Naya Putri, gadis cantik yang terlahir dari keluarga sederhana.
Sekitar tiga tahun Ayah Naya mengalami lumpuh, beliau tidak bisa melakukan apapun tanpa bantuan oranglain. Karena penyakit sang Ayah, membuat Ibu Naya harus membanting tulang demi menafkahi keluarga.
Asih, ibu Naya dengan terpaksa merantau ke kota untuk mencari pekerjaan yang layak baginya. Hingga kenalannya membantu beliau mencari pekerjaan, menjadi asisten rumah tangga. Tidak ada pilihan apapun saat itu.
Selama ibunya bekerja, Nayalah yang mengurus sang Ayah di kampung halaman. Ibunya akan sesekali pulang ketika di beri cuti oleh majikannya.
Hingga hari ini, Ibu Naya pulang ke kampung halaman tepat saat Ayah Naya menghembuskan napas terakhirnya.
"AYAHHH!" jerit Naya pilu, ketika sekujur tubuh sang Ayah terasa dingin dan kaku.
Ardi, ayah Naya terbaring kaku di hadapannya. Wajahnya yang sering menampilkan senyum, kini telah sirna. Sirna bersamaan dengan penyakit yang beliau derita.
"Ibu, Ayah pergi. Hiks. Hiks" di peluknya tubuh rapuh Naya oleh sang Ibu. Ibu Naya menatap tubuh sang suami dengan tatapan sedihnya. Tak menyangka suaminya akan pergi secepat ini.
"Kenapa Mas pergi secepat ini?" hati Asih merasa sakit. Kenyataan ini lebih sakit saat Asih mengetahui suaminya lumpuh.
"Ikhlaskan, Nak. Ayahmu sudah tidak merasakan sakit lagi" bisiknya pelan penuh kasih sayang seorang ibu pada anaknya.
Asih berusaha tegar dan kuat demi Naya.
"Ayah. Ayah tidak gagal kok jadi kepala keluarga. Ayah adalah Ayah yang hebat. Naya sama Ibu bangga punya Ayah" gumam Naya ketika dirinya ingat pembicaraannya dengan sang Ayah tempo hari.
Hati Asih sakit saat mendengar gumam-man Naya.
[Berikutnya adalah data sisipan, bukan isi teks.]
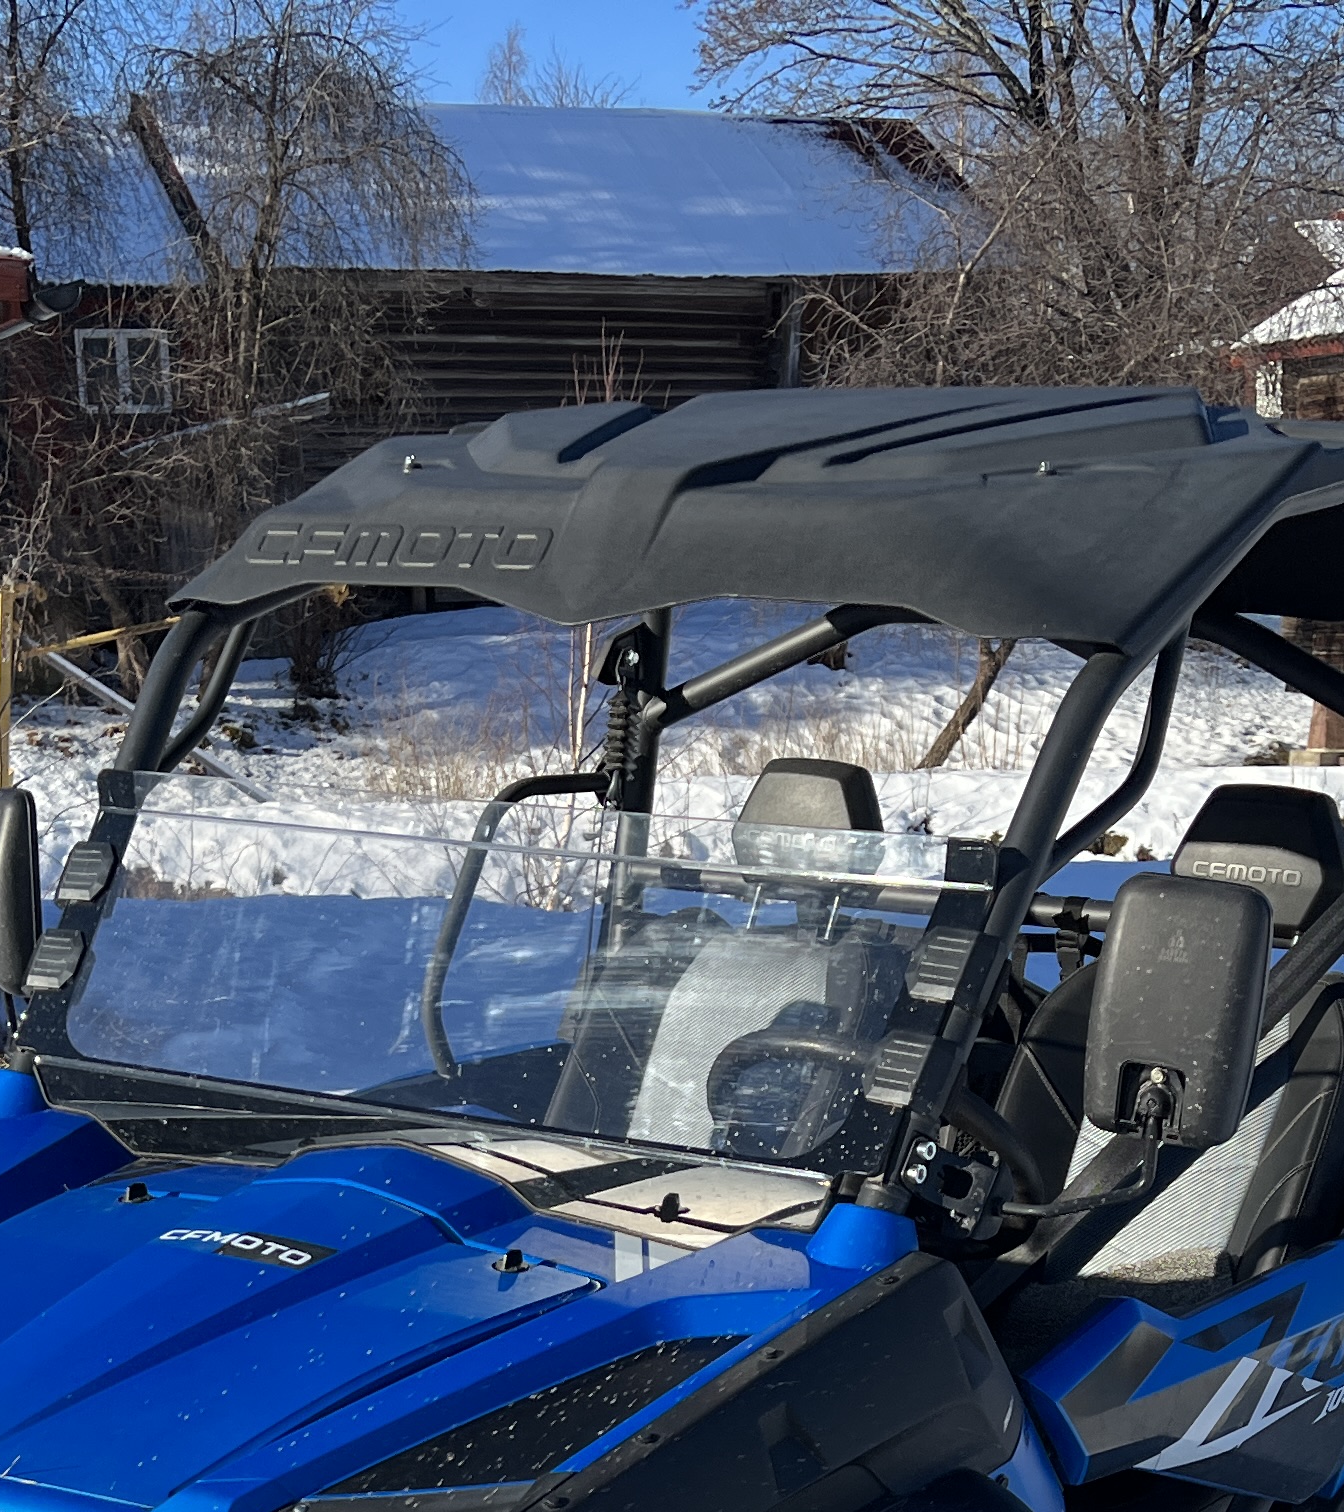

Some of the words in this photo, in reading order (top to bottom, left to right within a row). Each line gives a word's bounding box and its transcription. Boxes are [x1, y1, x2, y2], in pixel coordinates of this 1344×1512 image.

Demi tuhan, Asih tak pernah menganggap suaminya gagal dalam hal apapun.
Ini semua khendak dari sang maha kuasa.
Ini sudah takdir.
Tempo hari Ardi mengatakan gagal menjadi kepala keluarga. Dan saat itu juga Naya menyangkalnya, Naya tidak pernah menganggap Ayahnya gagal menjadi kepala keluarga. Begitu pula dengan Asih, Asih tidak pernah ada rasa kecewa, marah ataupun menyesal telah hidup bersama sang suami.
...
"Semoga Ayah tenang di alam sana, Naya akan selalu mendoakan Ayah" bisik Naya pilu saat memeluk nisan sang Ayah.
Ayahnya kini sudah bersatu dengan tanah. Ayahnya kini sudah kembali ke sang kuasa.
"InsyaAllah, Mas. Asih akan mendidik Naya hingga sukses" ucap Ibu Naya, lalu ikut memeluk batu nisan sang suami.
"Aku akan menggantikan peranmu, menjaga dan mendidik putri kita"
•••
Tiga hari telah berlalu. Naya dan Ibunya harus bisa menjalankan hidupnya. Membuka lembaran baru tanpa melupakan kenangan di masa lalu.
Sepeninggalnya sang Ayah, Naya akan ikut bersama sang Ibu ke rumah majikannya.
"Naya ikut ya sama Ibu ke kota, kita tinggal di rumah majikan Ibu" kata Ibu Naya membuyarkan lamunan Naya. Naya duduk di teras halaman rumah, seraya mengenang kenangan dengan sang Ayah.
"Iya, Bu. Naya ikut" Asih, Ibu Naya menghela nafas lega.
Rumah sederhana yang penuh dengan kenangan harus Naya tinggalkan.
"Nanti kamu sekolah juga kok di sana, Ibu akan daftarkan" ucap Ibu Naya duduk di samping Naya seraya mengusap pelan kepala Naya.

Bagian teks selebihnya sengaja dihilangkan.